Work to be completed —
Each and every line below goes into your answer unchanged, but leave out the images.
-=-=-
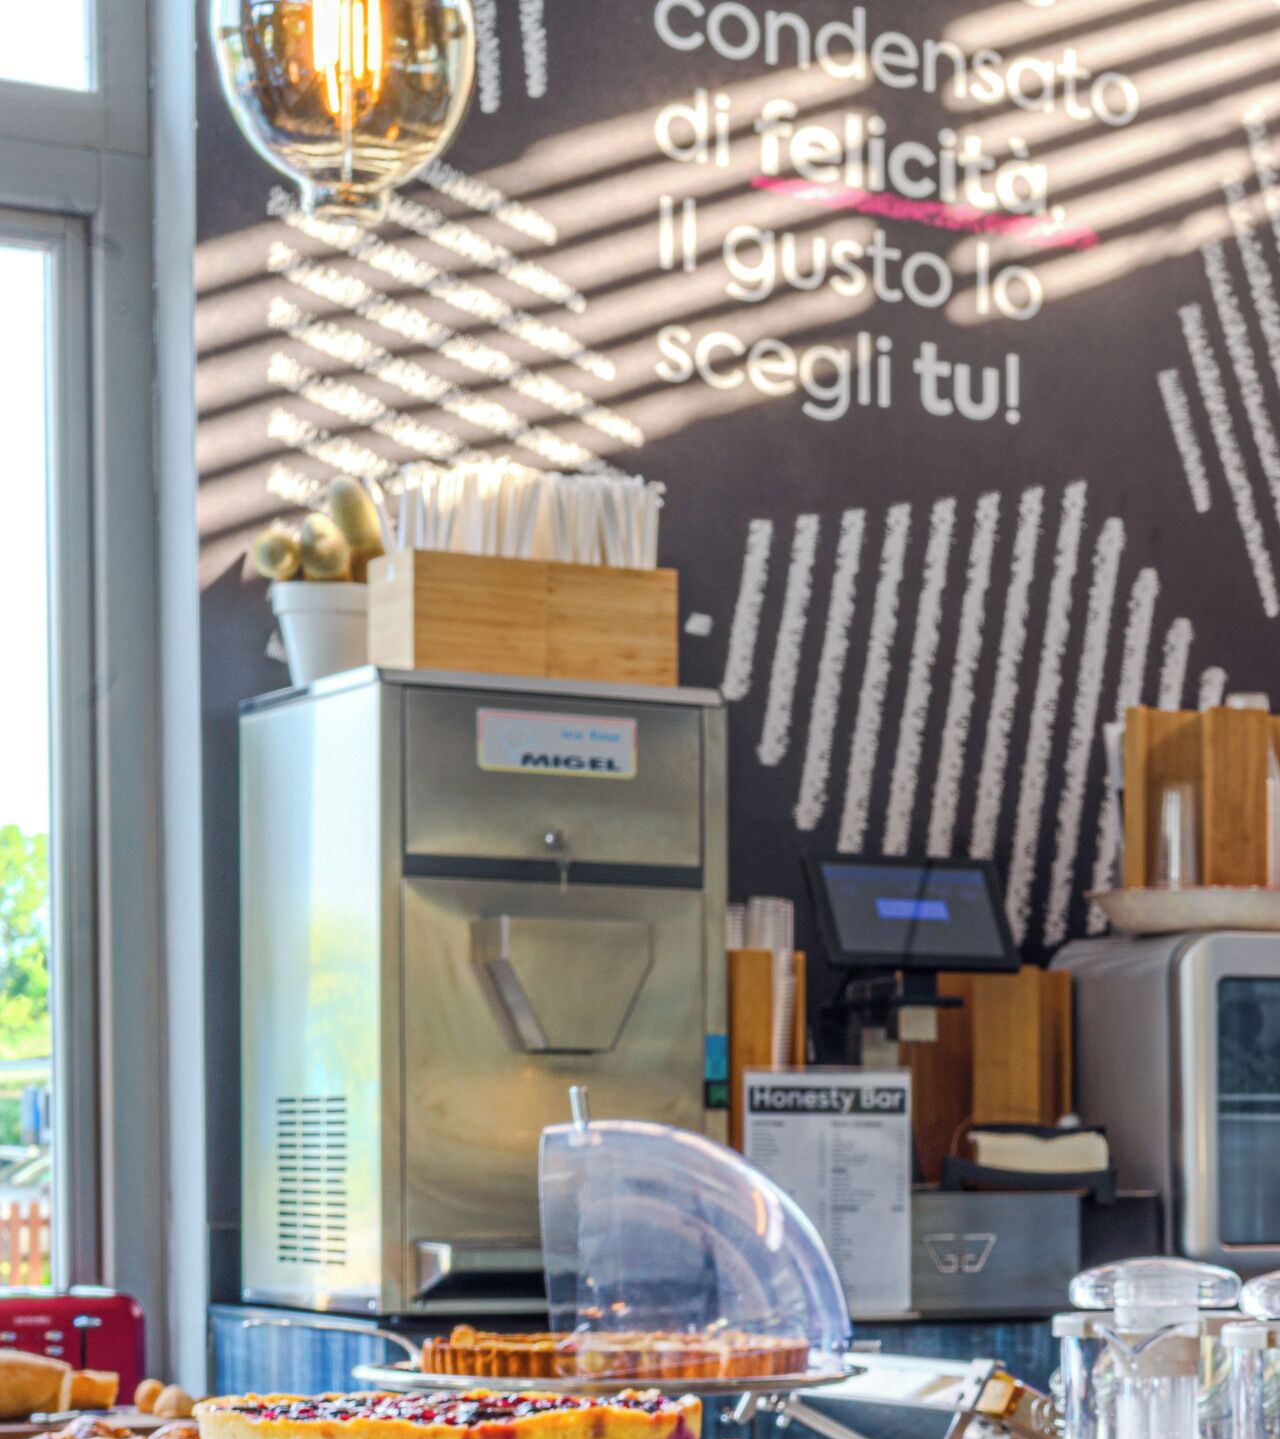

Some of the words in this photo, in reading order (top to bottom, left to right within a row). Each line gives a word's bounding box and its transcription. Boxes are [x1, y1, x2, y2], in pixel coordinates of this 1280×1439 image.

[654, 0, 1139, 127] condensato
[654, 88, 731, 168] di
[723, 225, 953, 308] gusto
[974, 242, 1044, 320] lo
[655, 326, 893, 421] scegli
[913, 341, 1021, 425] tu!
[520, 751, 623, 772] MIGEL
[752, 1086, 855, 1114] Honesty
[861, 1085, 904, 1110] Bar
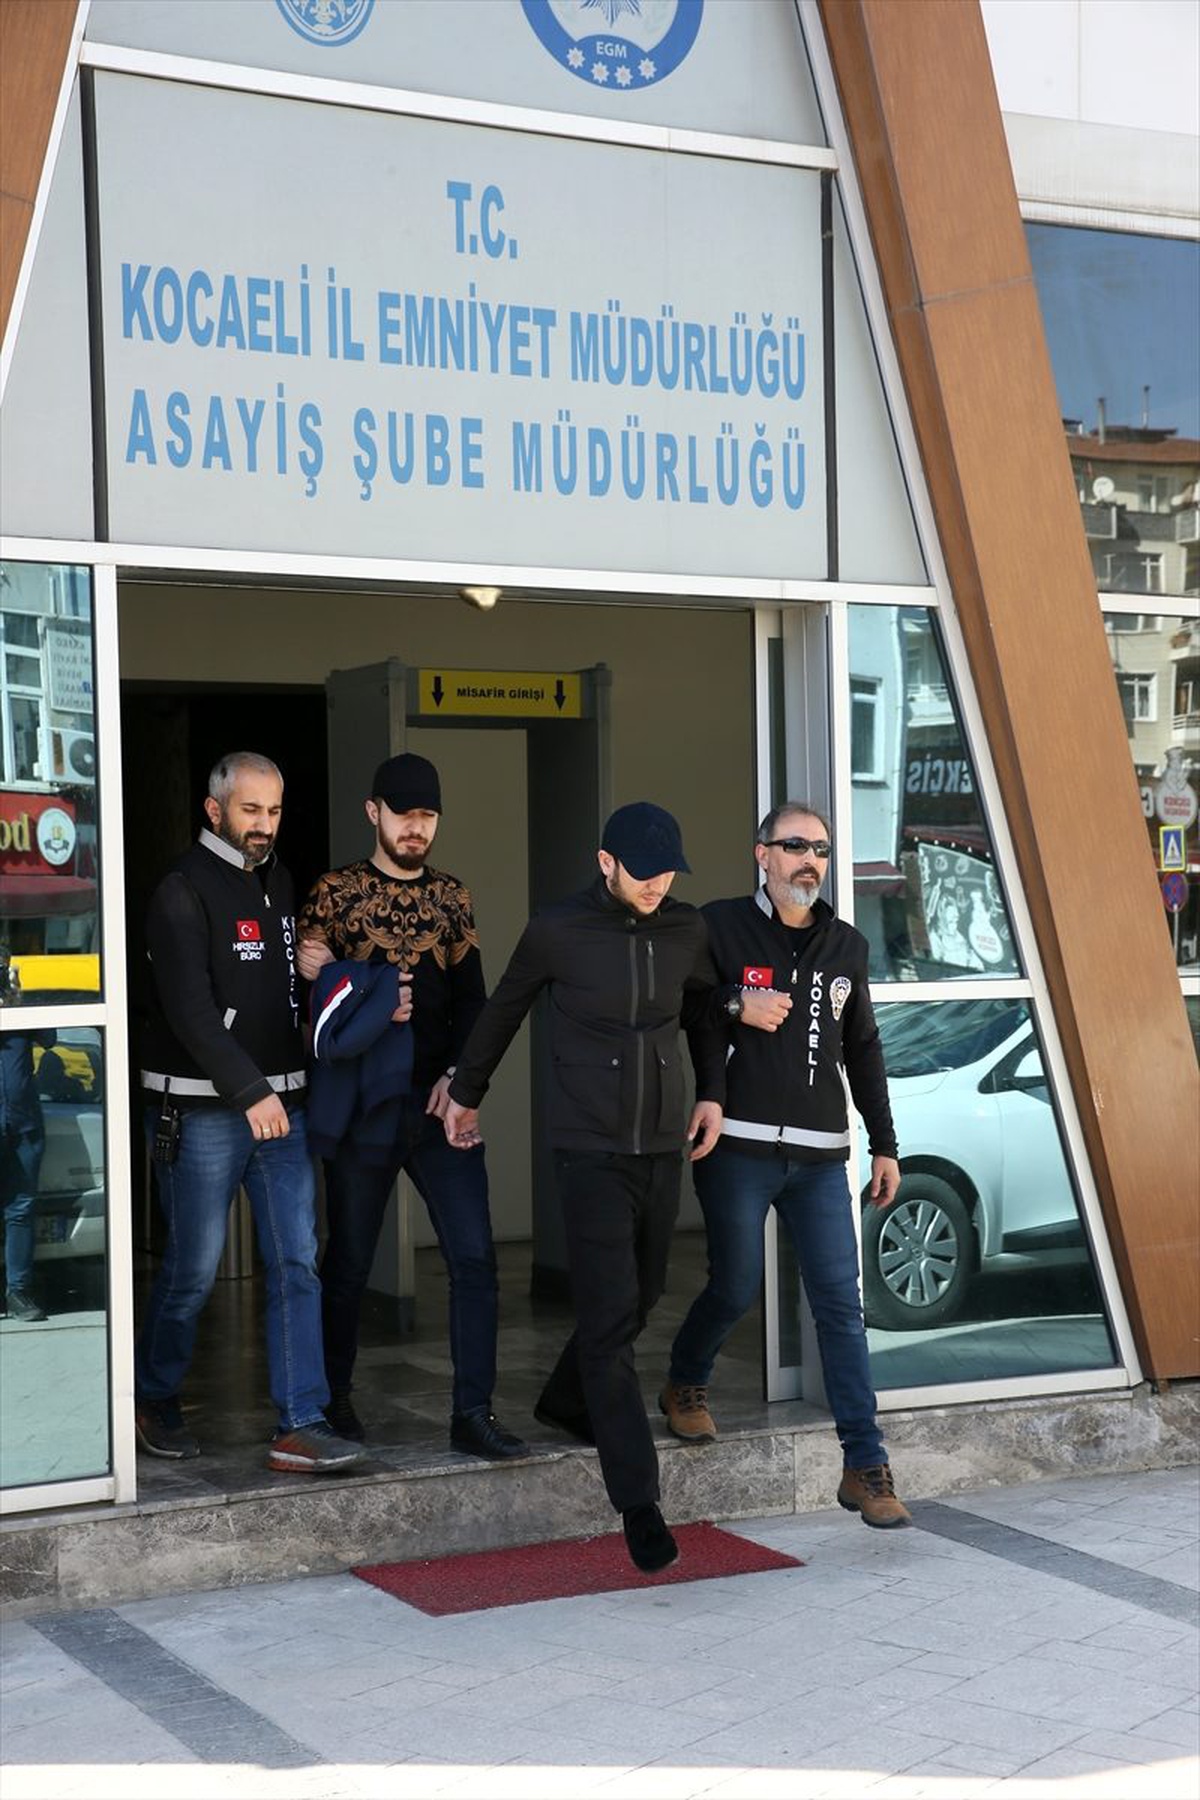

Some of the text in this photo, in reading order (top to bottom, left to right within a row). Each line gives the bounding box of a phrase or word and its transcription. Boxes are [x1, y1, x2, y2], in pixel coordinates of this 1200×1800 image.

[596, 41, 627, 58] EGM
[448, 181, 518, 258] T.C.
[122, 263, 807, 401] KOCAELİ İL EMNİYET MÜDÜRLÜĞÜ
[126, 383, 806, 510] ASAYİŞ ŞUBE MÜDÜRLÜĞÜ
[456, 686, 545, 702] MİSAFİR GİRİŞİ
[240, 950, 261, 961] BÜRO
[807, 970, 824, 1087] KOCAELI
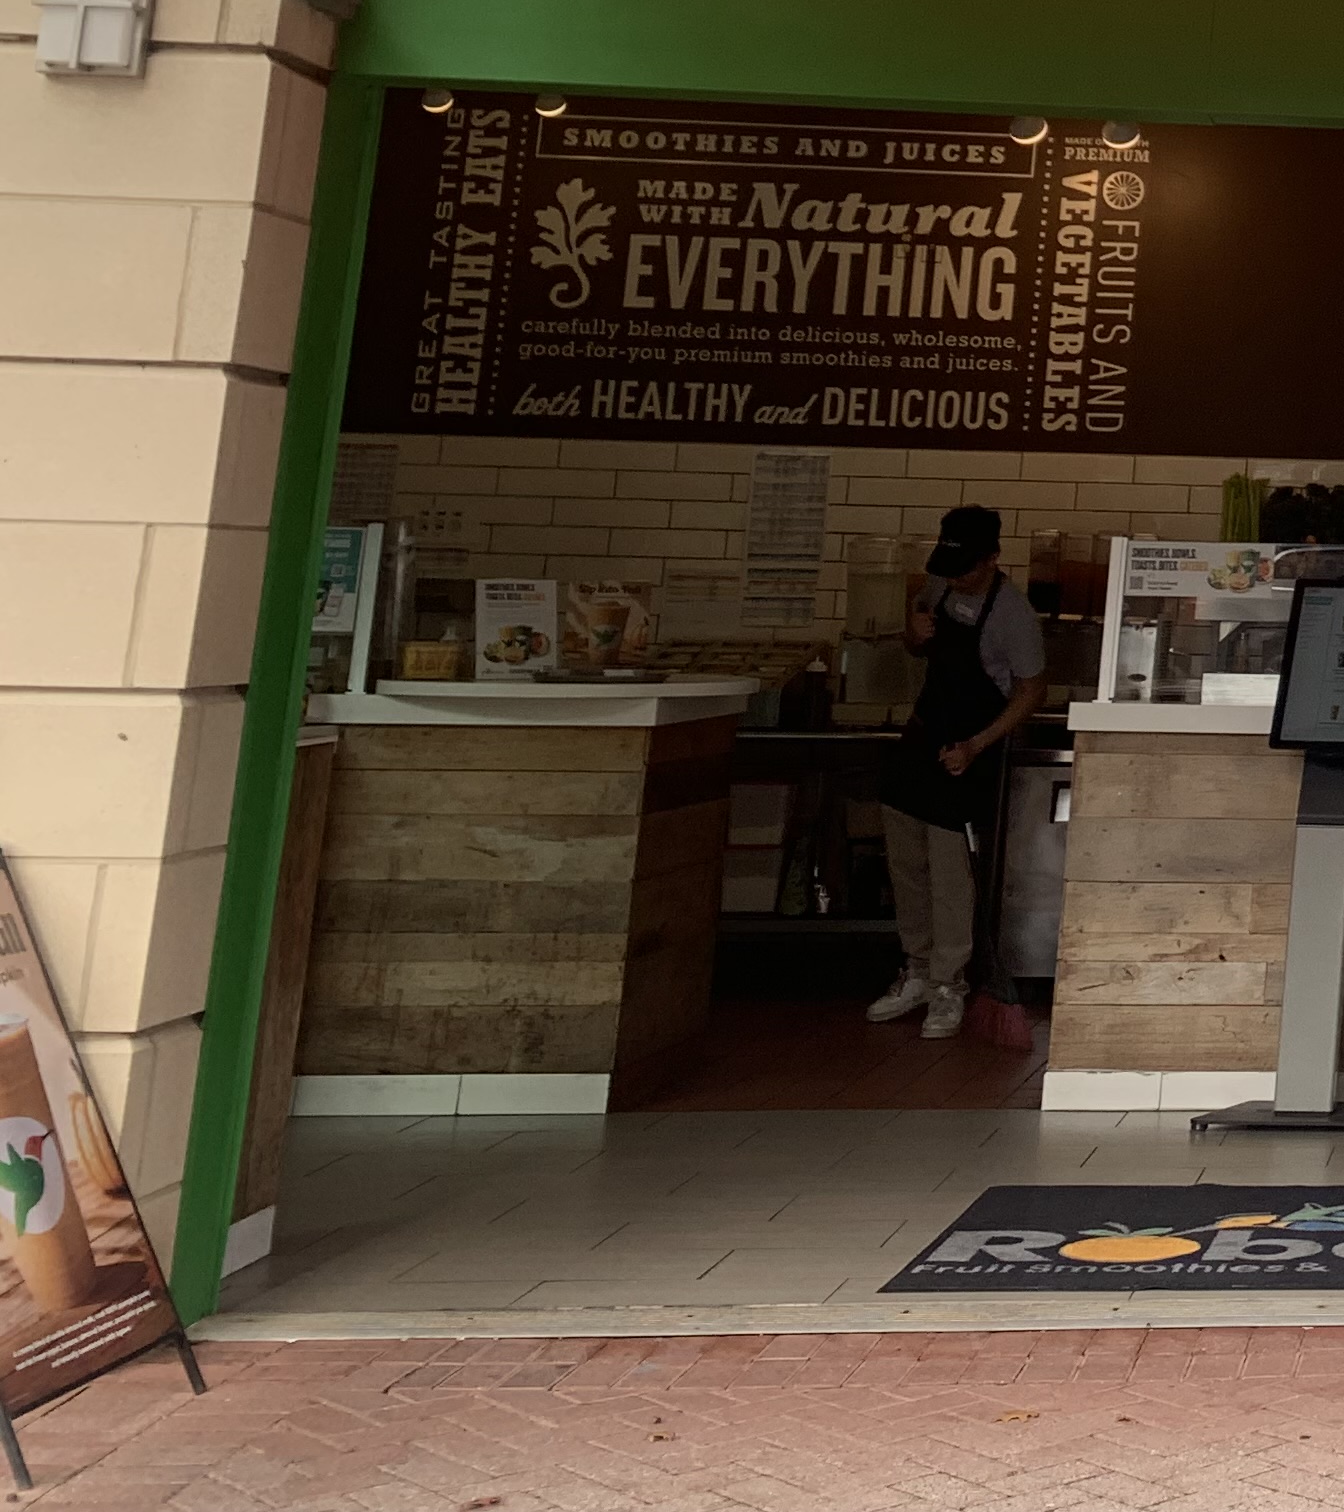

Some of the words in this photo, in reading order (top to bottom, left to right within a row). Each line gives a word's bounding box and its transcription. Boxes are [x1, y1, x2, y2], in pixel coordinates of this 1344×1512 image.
-=-=-
Answer box —
Some of the words in this photo, in reading order (top to bottom, left to right within a row). Each line gives a word's bounding box and its transcription. Boxes are [x1, y1, x2, y2], in pixel coordinates of this 1280×1439 image.

[654, 0, 1139, 127] condensato
[654, 88, 731, 168] di
[723, 225, 953, 308] gusto
[974, 242, 1044, 320] lo
[655, 326, 893, 421] scegli
[913, 341, 1021, 425] tu!
[520, 751, 623, 772] MIGEL
[752, 1086, 855, 1114] Honesty
[861, 1085, 904, 1110] Bar

Some of the text in this photo, in reading order (top to bottom, left to right within a row). Each line gives the bounding box of a phrase or word and its transcription. Boxes are [x1, y1, x2, y2], in pixel coordinates of this 1200×1800 image.

[596, 41, 627, 58] EGM
[448, 181, 518, 258] T.C.
[122, 263, 807, 401] KOCAELİ İL EMNİYET MÜDÜRLÜĞÜ
[126, 383, 806, 510] ASAYİŞ ŞUBE MÜDÜRLÜĞÜ
[456, 686, 545, 702] MİSAFİR GİRİŞİ
[240, 950, 261, 961] BÜRO
[807, 970, 824, 1087] KOCAELI

Some of the words in this photo, in reading order (top to bottom, left to right within a row). Each line gives a word's bounding box and its transcription. Boxes are [x1, y1, x2, y2], in pixel coordinates of this 1344×1512 image.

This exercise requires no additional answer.